2万5千円でゲーミングPCは作れるか!?ビデオデッキ風ケースを使ってPCを自作、Windows 7・8のPCをWindows 10に無料でアップグレード

新年あけましておめでとうございます。

 

ハードオフに立ち寄ってジャンク品を物色していたらセンチュリーのMini-ITXケース「CF-A6719BK150」で組まれたAtomマザーボード搭載の自作PCがジャンク品として税込1650円で売られていたので、マザーボードを新品のものに取り換えて組んでみようとケースと電源のみ使う目的で購入してみました。

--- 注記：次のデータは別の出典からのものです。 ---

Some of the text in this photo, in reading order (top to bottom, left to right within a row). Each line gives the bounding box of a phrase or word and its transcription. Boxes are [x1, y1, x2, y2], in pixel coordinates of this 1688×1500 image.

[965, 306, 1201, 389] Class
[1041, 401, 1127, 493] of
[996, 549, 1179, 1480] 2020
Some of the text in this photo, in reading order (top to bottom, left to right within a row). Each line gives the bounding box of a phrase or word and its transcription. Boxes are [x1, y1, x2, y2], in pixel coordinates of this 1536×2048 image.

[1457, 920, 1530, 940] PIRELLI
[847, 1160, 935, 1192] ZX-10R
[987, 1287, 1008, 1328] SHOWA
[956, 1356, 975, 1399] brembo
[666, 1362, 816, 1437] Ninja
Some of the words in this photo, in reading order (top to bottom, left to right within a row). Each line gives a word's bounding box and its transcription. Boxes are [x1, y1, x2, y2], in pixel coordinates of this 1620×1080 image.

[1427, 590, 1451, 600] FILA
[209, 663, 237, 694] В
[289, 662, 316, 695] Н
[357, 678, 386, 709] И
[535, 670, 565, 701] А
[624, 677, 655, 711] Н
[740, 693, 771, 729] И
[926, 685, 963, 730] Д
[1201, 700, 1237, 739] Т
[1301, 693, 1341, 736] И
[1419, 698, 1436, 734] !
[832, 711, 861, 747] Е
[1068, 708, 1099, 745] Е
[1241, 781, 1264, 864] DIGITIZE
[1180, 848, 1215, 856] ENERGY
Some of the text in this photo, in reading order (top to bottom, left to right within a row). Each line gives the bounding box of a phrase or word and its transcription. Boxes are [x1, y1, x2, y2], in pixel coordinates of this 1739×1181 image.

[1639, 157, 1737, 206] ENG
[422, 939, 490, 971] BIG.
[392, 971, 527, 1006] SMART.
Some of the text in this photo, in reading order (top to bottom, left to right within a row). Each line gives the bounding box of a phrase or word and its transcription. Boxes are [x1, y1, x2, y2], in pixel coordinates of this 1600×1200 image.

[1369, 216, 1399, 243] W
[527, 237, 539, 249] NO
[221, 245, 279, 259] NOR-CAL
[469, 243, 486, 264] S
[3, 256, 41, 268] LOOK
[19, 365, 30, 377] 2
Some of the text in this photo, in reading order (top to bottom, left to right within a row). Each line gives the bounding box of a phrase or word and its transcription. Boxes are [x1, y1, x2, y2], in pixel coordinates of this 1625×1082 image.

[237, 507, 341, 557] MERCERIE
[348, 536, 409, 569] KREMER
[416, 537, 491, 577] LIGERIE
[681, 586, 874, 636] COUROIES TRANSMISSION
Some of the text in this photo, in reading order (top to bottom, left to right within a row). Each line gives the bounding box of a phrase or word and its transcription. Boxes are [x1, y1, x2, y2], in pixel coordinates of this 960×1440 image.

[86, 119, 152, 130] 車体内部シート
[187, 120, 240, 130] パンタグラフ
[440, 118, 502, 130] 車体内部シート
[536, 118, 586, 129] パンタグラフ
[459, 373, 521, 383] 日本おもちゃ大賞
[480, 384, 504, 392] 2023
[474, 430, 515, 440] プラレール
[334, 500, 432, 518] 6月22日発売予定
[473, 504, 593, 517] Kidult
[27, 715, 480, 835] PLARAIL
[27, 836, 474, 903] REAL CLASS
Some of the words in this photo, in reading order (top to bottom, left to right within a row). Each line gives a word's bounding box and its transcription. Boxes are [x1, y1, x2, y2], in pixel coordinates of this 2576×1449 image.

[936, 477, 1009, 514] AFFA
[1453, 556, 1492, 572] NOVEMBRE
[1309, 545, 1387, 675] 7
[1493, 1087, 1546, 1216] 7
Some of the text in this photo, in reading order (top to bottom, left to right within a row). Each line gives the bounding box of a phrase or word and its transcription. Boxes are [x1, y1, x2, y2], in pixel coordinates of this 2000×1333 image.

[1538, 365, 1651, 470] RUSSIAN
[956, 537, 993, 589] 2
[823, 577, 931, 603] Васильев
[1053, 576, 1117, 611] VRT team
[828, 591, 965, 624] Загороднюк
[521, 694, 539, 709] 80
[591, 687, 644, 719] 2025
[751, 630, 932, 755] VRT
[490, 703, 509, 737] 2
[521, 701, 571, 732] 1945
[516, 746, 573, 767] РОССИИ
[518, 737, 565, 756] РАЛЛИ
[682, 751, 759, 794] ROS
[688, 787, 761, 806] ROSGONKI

既にメインで使ってるPCもあるし、ちょうど4年前の正月にもドリームキャストサイズの小型PCを組んでいてこれ以上PCを増やしてどうするの、とは自分でも思うが、ただなんとなくこのビデオデッキ風のケースのデザインに惹かれてPCを組んでみたいという購買欲を満たすために買ったのだ。実用性とか関係ない。

あとは、遊びたいゲームによっては安くゲーム目的のPCを入手できるんじゃないか、Windows 7がサポート終了するけど大金を払ってPCを買い替えるほどの用途に使っていない人のために割安でのWindows 10アップグレードの選択肢の一つを提示できるんじゃないか、という実験的なお遊びをしてみるためでもある。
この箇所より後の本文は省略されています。